The issue of the living-dying person’s restoration of this altered sense of identity is the main focus of this investigation. The literature on death and dying shows that we are moving toward a greater appreciation of the complexities of the lived experience of living and dying for individuals. The recognition of the cultural changes in the relationship with dying, and the common themes of the individual experience, highlights the interest and concern that this area now holds. However, few writings and research projects directly address the self-identity implications for living-dying people. As Vries (1999) reinforces, “the relationship between the self-identity and the end of life is an area modestly explored, yet offers great potential” (p. 372). Indeed, those writers who have written about identity and dying, such as those reviewed above, tend to postulate and speculate, but do not directly discover from living-dying people themselves what is needed, or is important to them about the enduring, existential question of ‘who am I?’ whilst they are actually dying. Kellehear (1999) points out that research into the social experiences and personal identity issues of the dying process are needed “to restore the balance to our understanding of dying” (p. 42). We fail to recognise that living with dying is also about vulnerable and changing personal identities and social needs (Kellehear, 2001). If we are to deliver palliative care services in the truest sense, there is a need for research to focus on the crucial issues of selfhood and self-identity, how important it is to these people, what the issues are for them and what assistance can be provided to them in terms of “a map of how to be dying” (Lofland, 1978, p. 44). This focus on restoring and transforming the self whilst living before dying, would mean that the integrity of the person is found through some measure of reconstruction – maybe some answers to the question of ‘who am I now that I am dying’?

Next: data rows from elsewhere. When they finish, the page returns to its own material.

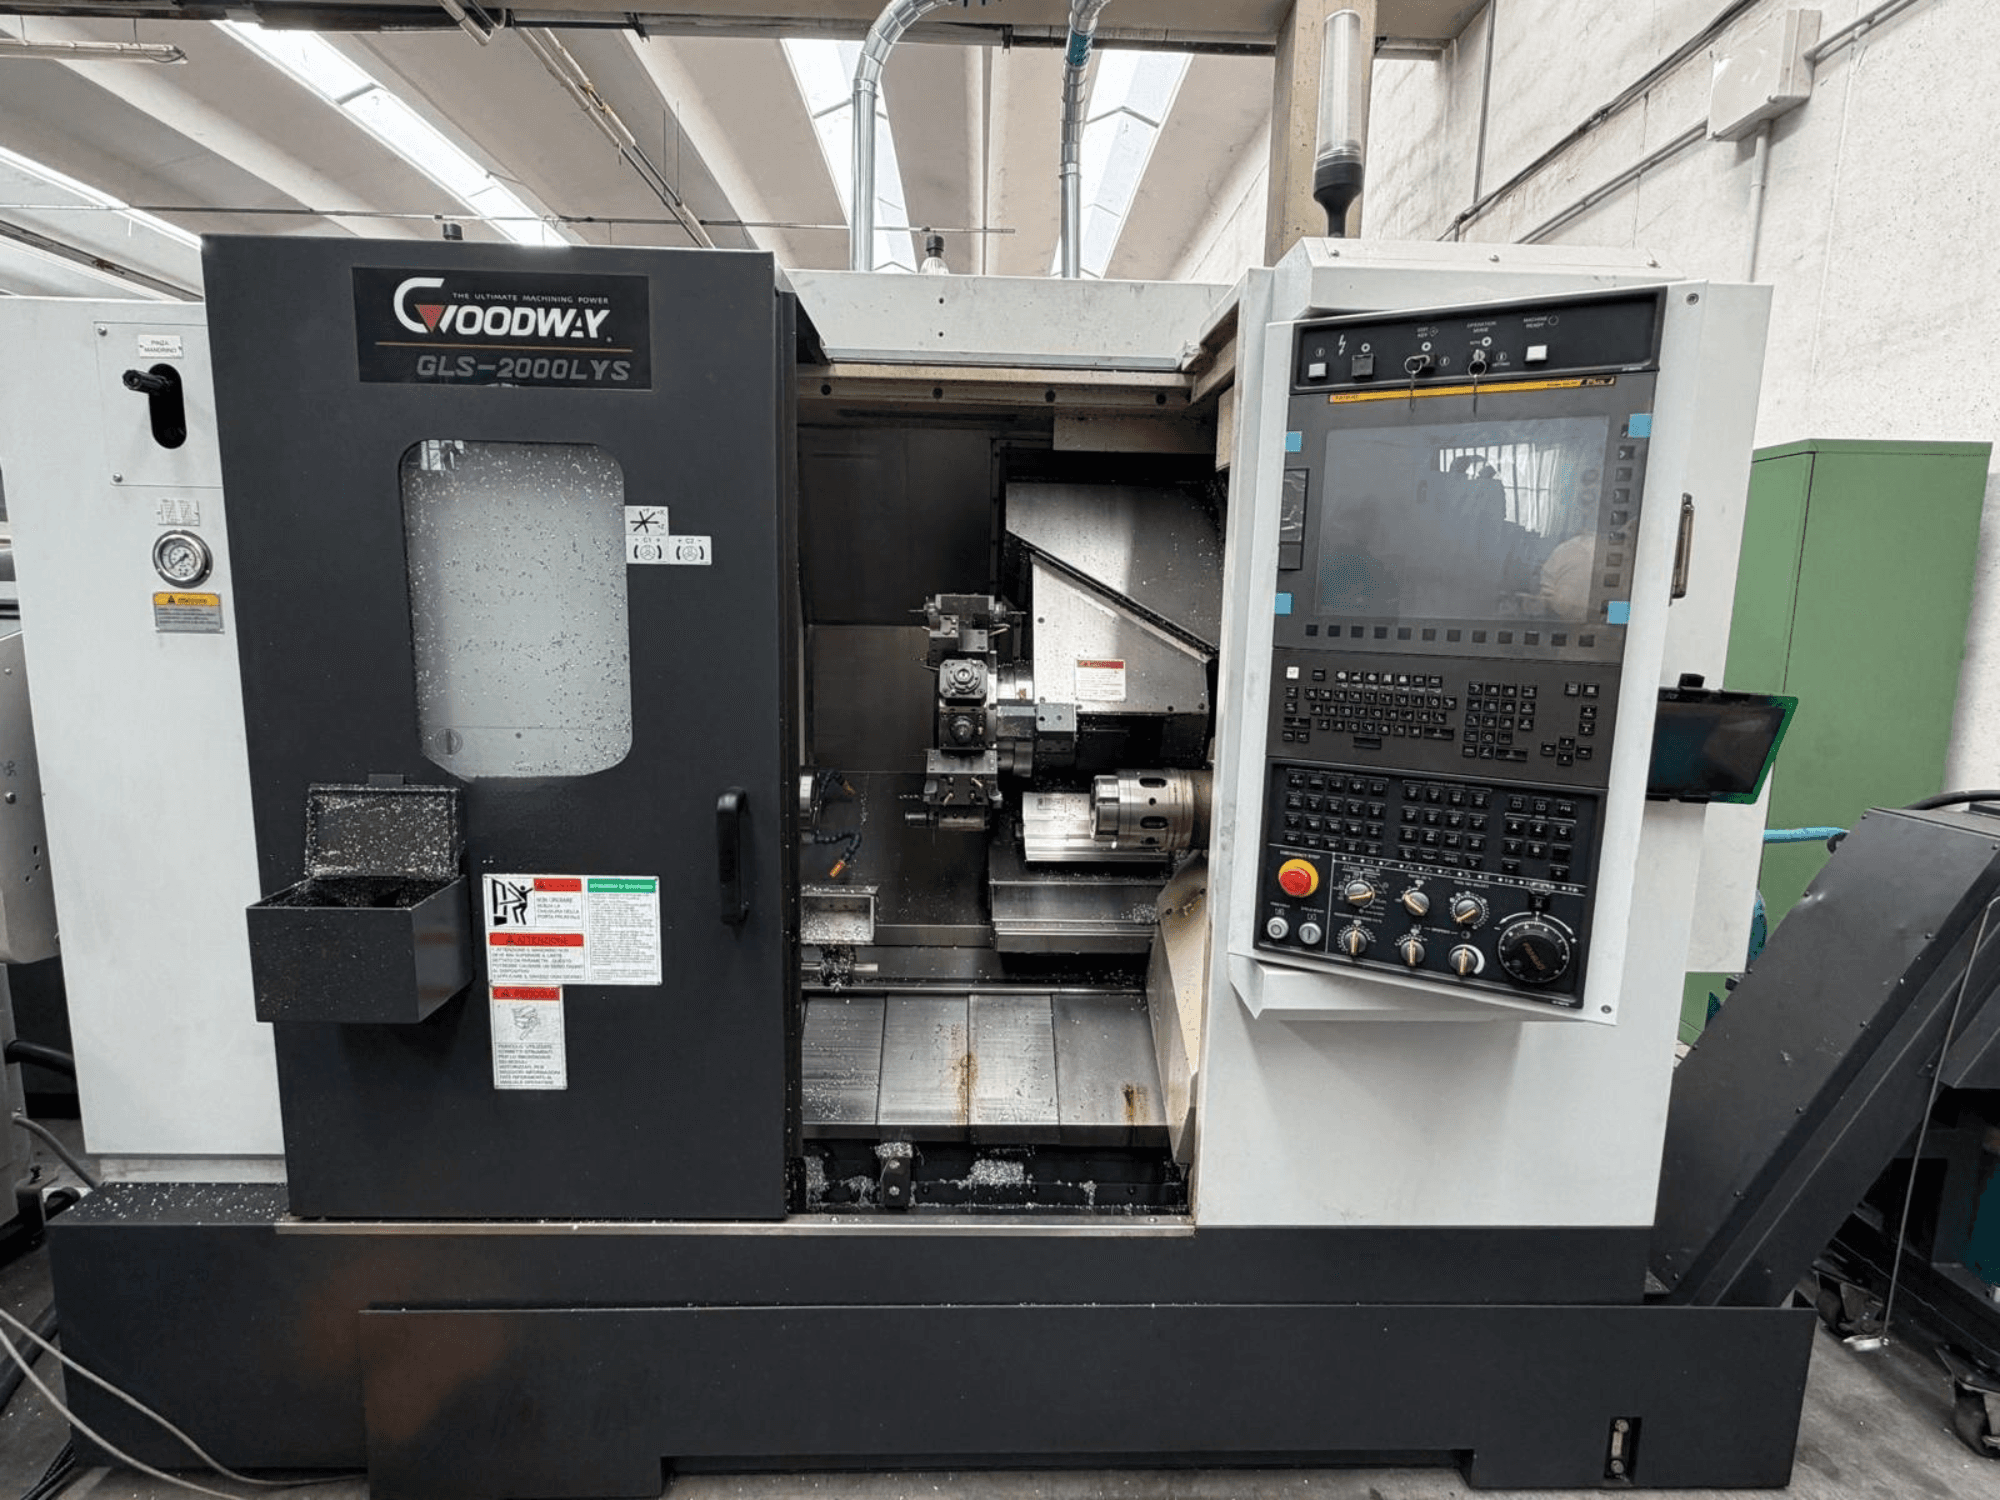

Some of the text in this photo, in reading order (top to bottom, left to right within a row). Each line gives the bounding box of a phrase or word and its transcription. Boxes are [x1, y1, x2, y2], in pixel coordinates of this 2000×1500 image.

[393, 276, 611, 339] GOODWAY
[451, 292, 609, 304] THE ULTIMATE MACHINING POWER
[416, 355, 631, 381] GLS-2000LYS
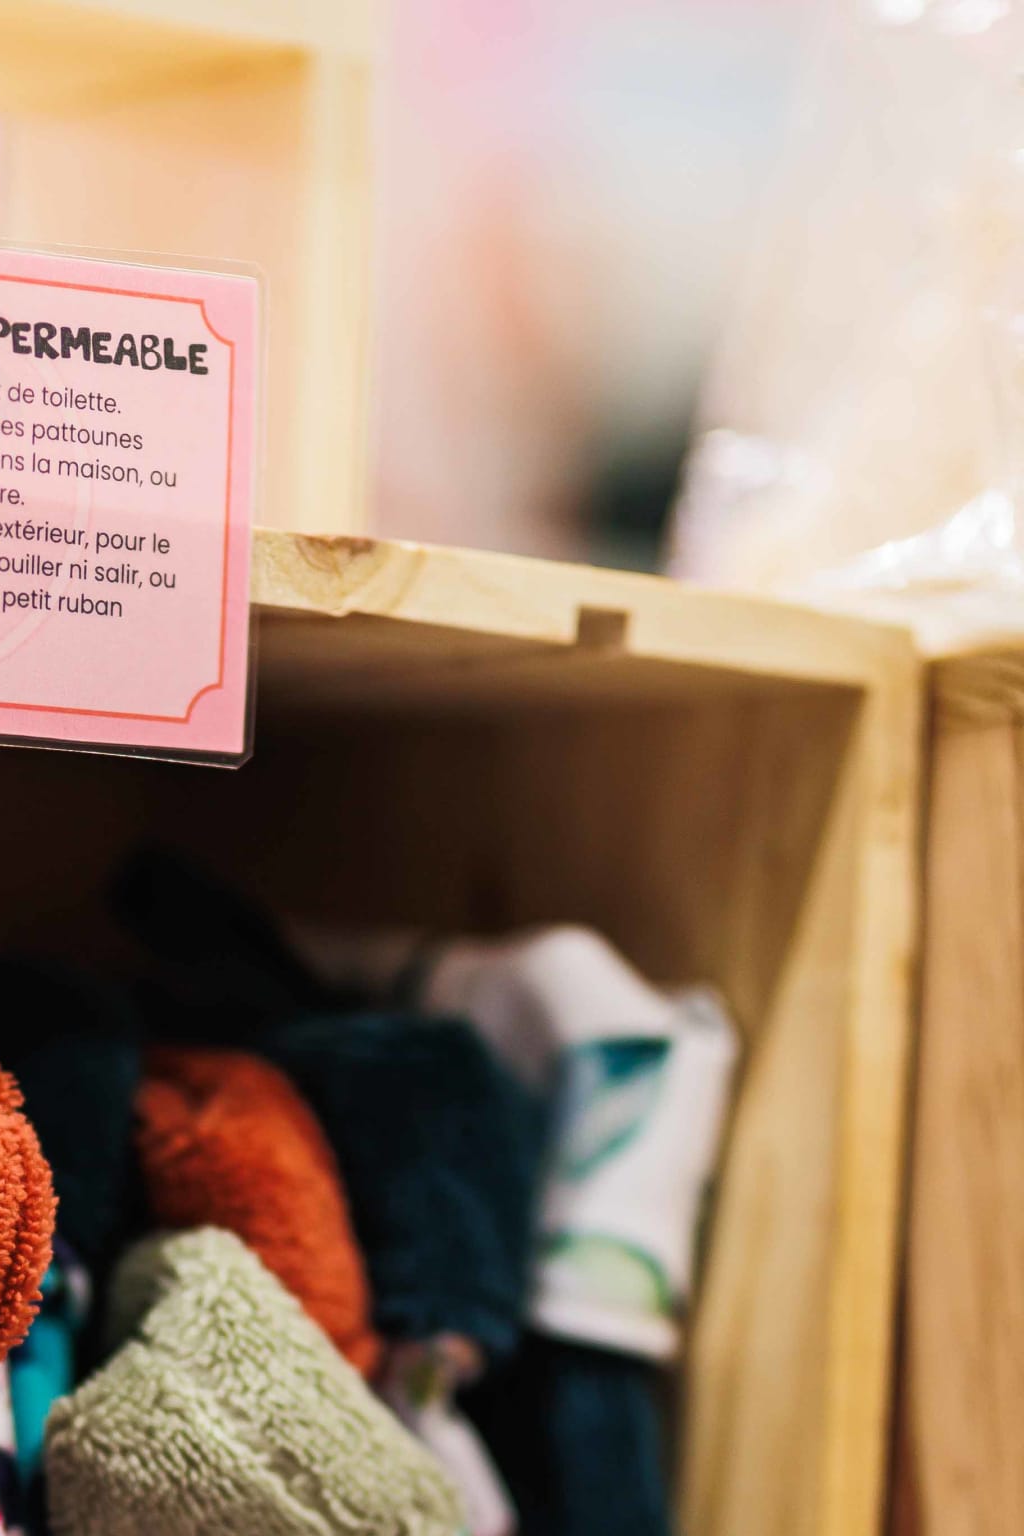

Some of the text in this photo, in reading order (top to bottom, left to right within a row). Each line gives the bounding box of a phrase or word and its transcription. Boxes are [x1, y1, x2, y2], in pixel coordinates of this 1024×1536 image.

[7, 382, 36, 405] de
[42, 387, 122, 415] toilette.
[31, 421, 144, 451] pattounes
[32, 454, 52, 475] la
[58, 459, 145, 488] maison,
[150, 470, 178, 488] ou
[96, 530, 148, 554] pour
[153, 533, 171, 555] le
[69, 560, 88, 580] ni
[94, 563, 144, 590] salir,
[149, 570, 177, 589] ou
[2, 588, 52, 613] petit
[58, 594, 124, 618] ruban
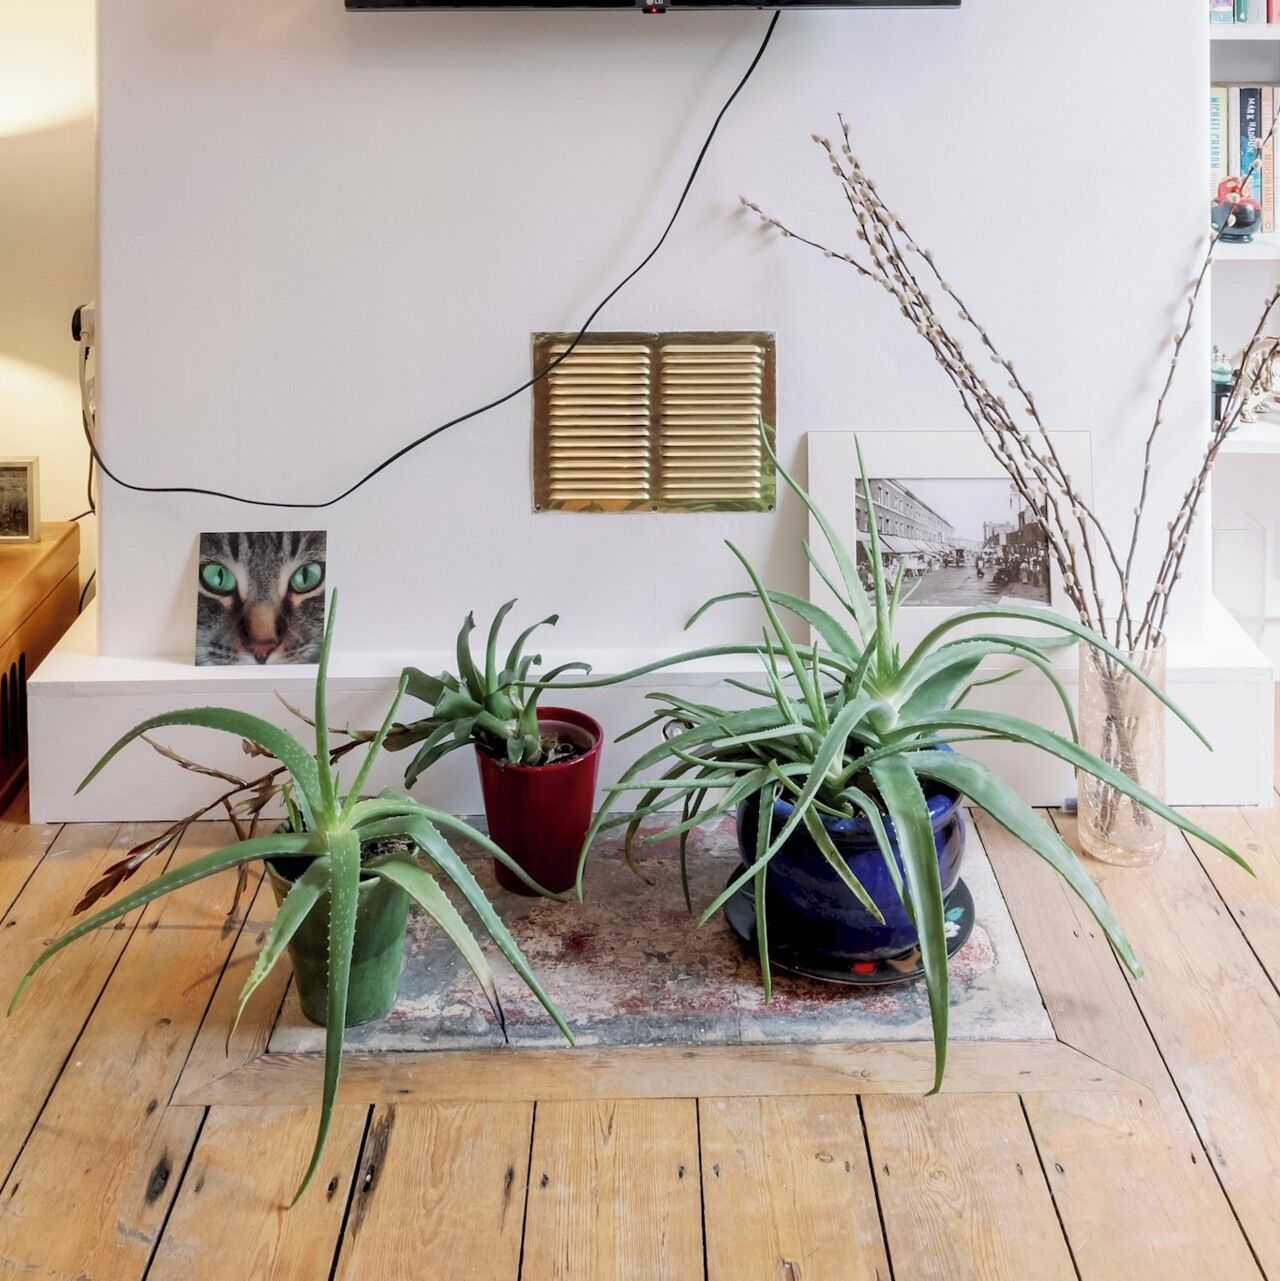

This review has provided insight into how the living-dying process has altered over time. This has resulted in a very different ‘lived’ experience of dying and many possible self-identity changes, challenges and losses for the living-dying person. The growth of the palliative care movement was reviewed, as were the theories concerning the various effects experienced whilst living with a terminal illness. It has been shown that, although some authors have highlighted the significance of self-identity changes and complexities during this time, there is little research to investigate how this sense of self is altered during the living-dying process and how one’s sense of self can be reconstructed before death. The theories of narrativity, which view the telling of stories as a way of constructing and reconstructing self-identity, are examined next. This concept of the narrative construction of self-identity and the practice of telling stories can provide a way of preventing the loss of, and maintaining selfhood, whilst a person is living his or her dying.